The trials will begin in London next month – despite TfL chiefs admitting that e-scooters could be far more dangerous than bicycles.
A study by TfL, based on US data, found riders needed hospital treatments after accidents every 3.1 years on average, with many suffering head of neck injuries.
TfL admitted that comparisons with the US are difficult, but the number of cyclists killed or seriously hurt in London was 2.7 per one million journeys ‘or roughly 100 times fewer injuries than expected in US e-scooter studies’.
According to figures obtained by ITV, there have been more than 200 injuries and over 1000 complaints since the pilots began (file photo)
‘Cycling in London would be considerably less risky than e-scooters if these figures were replicated here,’ the study added.
There are more than 7500 rental scooters in use but more than 800 incidents have been reported to local authorities and 122 users have been banned from using them as part of trials in the future.
According to figures obtained by ITV, there have been more than 200 injuries and over 1000 complaints since the pilots began.
E-scooters are now used in more than 100 cities worldwide, but many have suffered serious injuries while using them and others have died.
Police data released last month also showed they’ve been used in hundreds of offences, including assaults, burglaries and anti-social behaviour.
Emily Hartridge (pictured) was killed in an accident in 2019, when she was thrown from her e-scooter on a roundabout in what is thought to be UK’s first fatality involving one of the vehicles
On April 17, a three-year-old boy suffered serious injuries when he was hit from behind by an e-scooter while walking on a pavement with his grandmother in Feltham, west London.

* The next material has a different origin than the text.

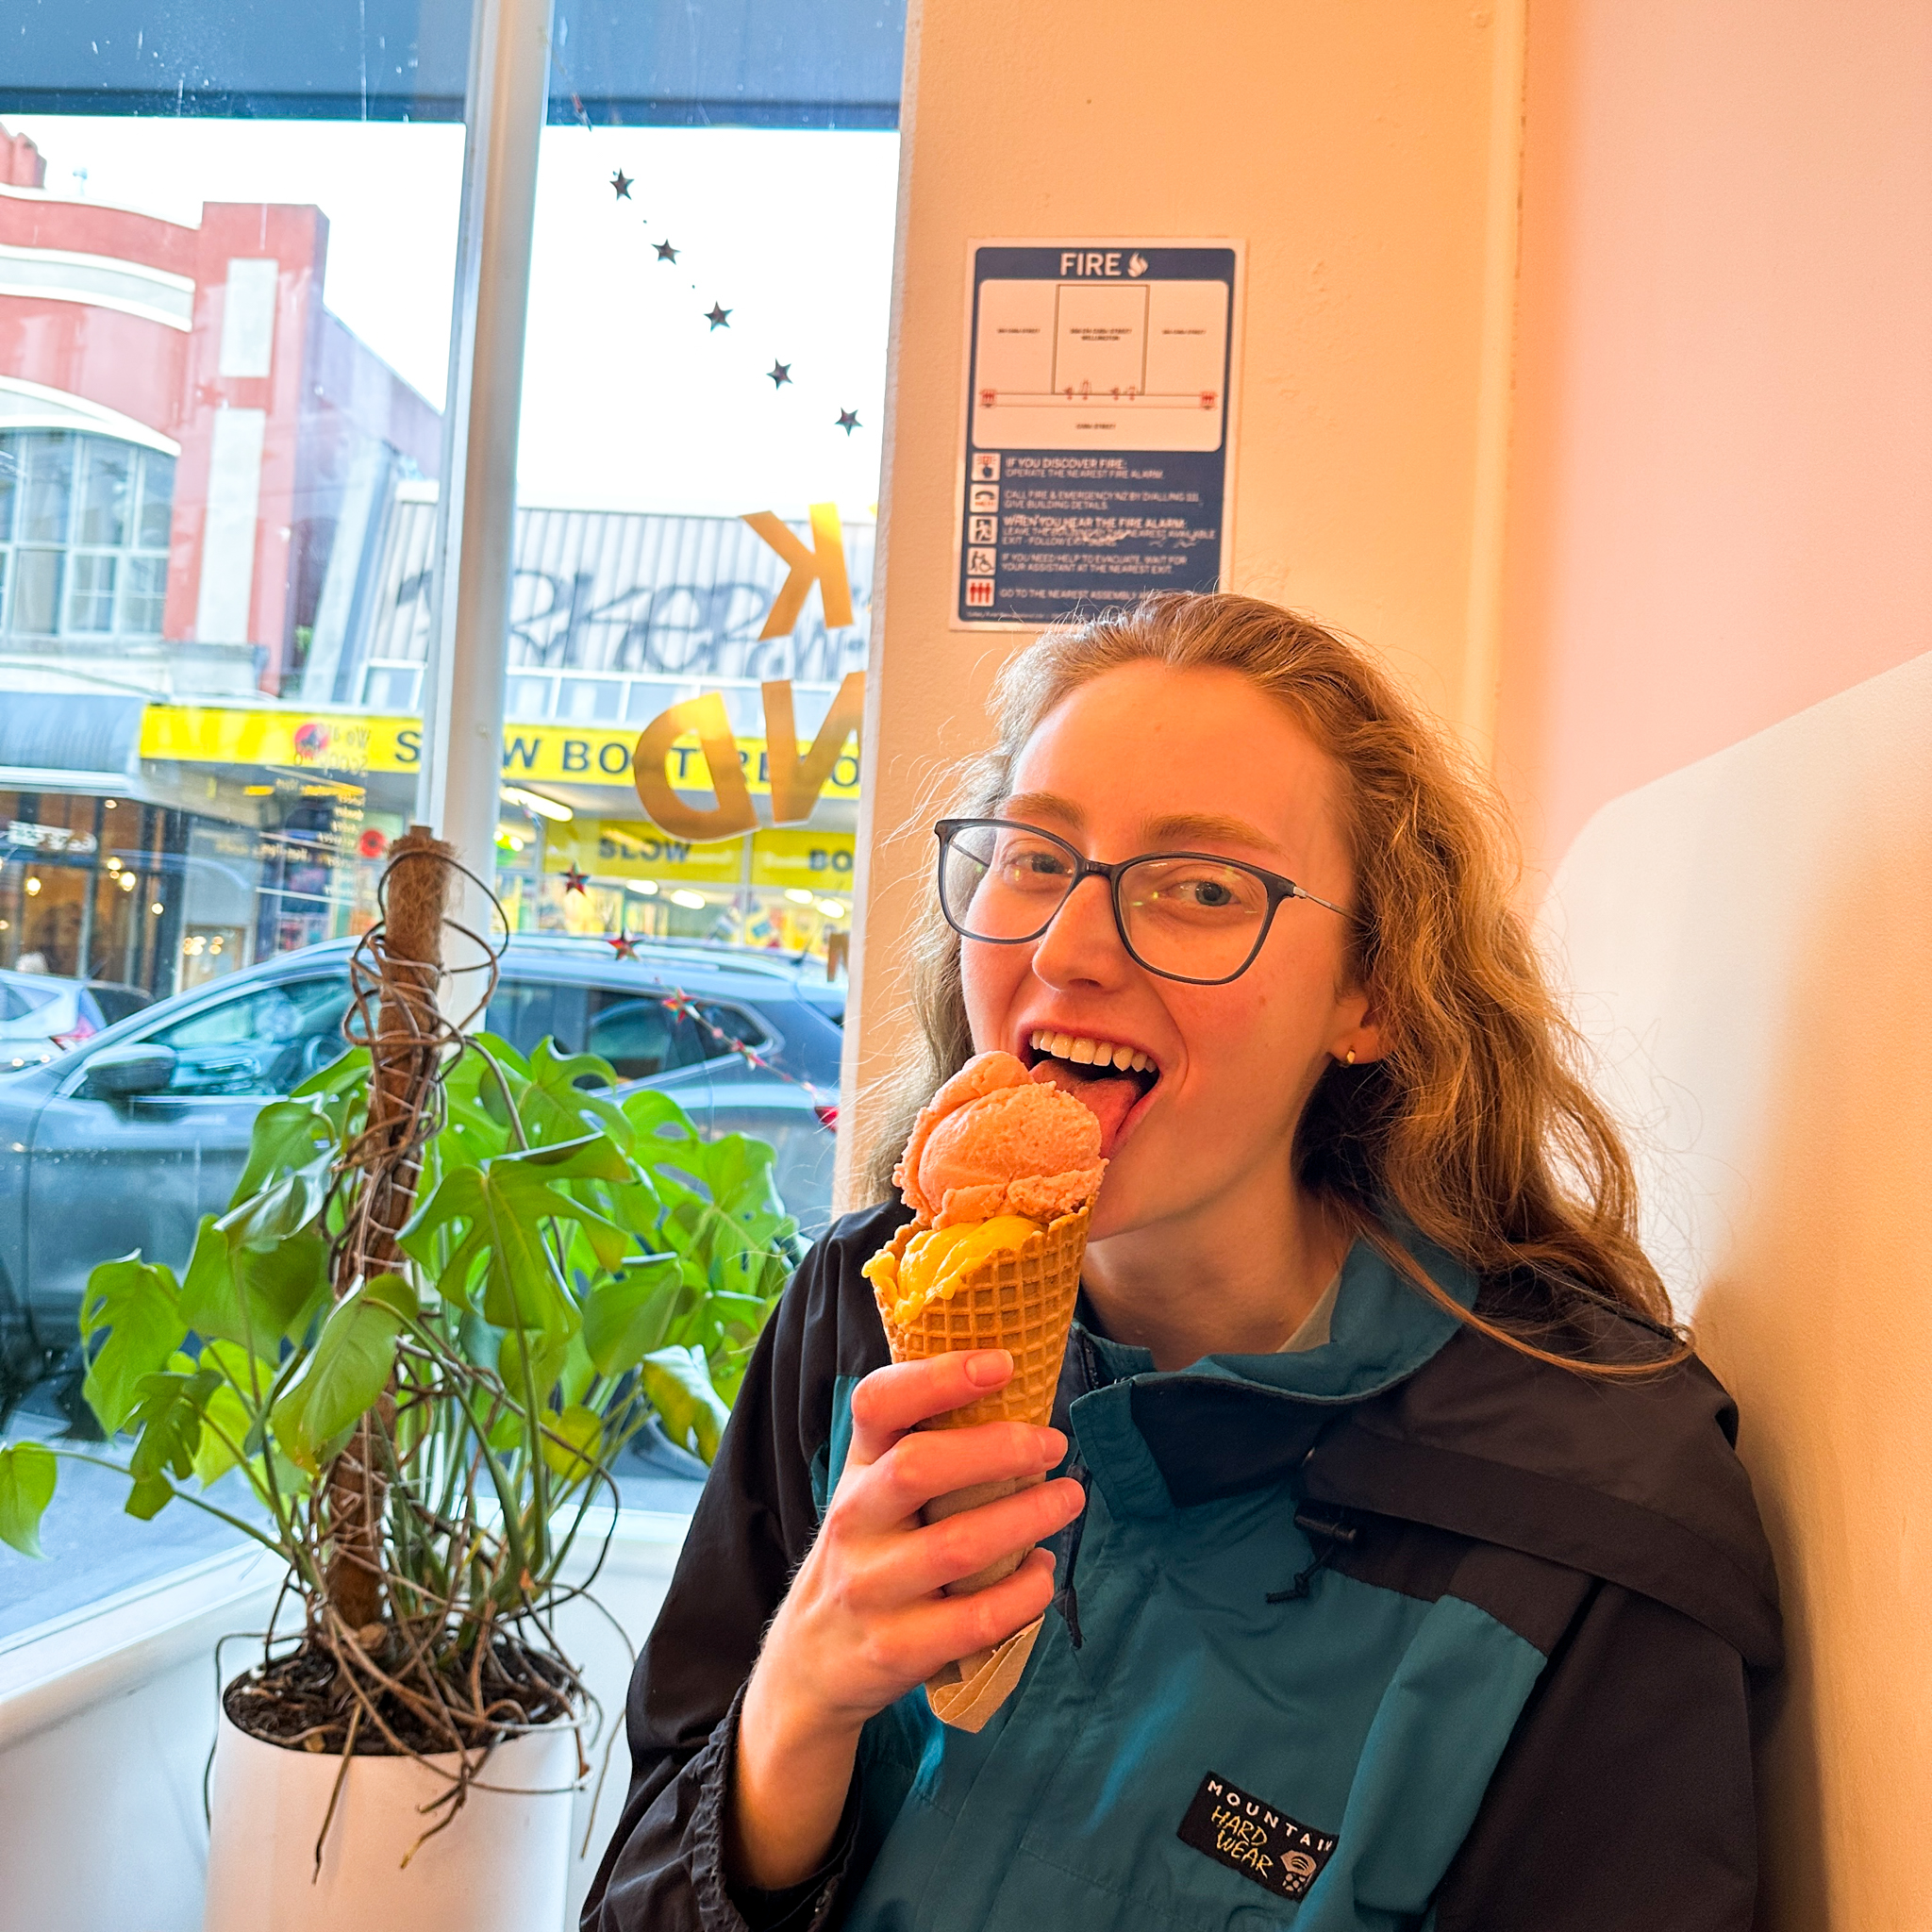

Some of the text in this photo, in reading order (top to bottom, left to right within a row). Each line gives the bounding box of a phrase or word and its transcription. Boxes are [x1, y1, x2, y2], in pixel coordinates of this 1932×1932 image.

In the UK, three people are now known to have died using them, while in America the number of e-scooter accidents that leave people needing hospital treatment has risen by more than 222 per cent in four years.
Emily Hartridge is believed to be the first person to die in the UK in an accident involving an e-scooter.
She was later ruled to be riding too fast with an under-inflated tyre when she was tragically killed in a crash with a lorry.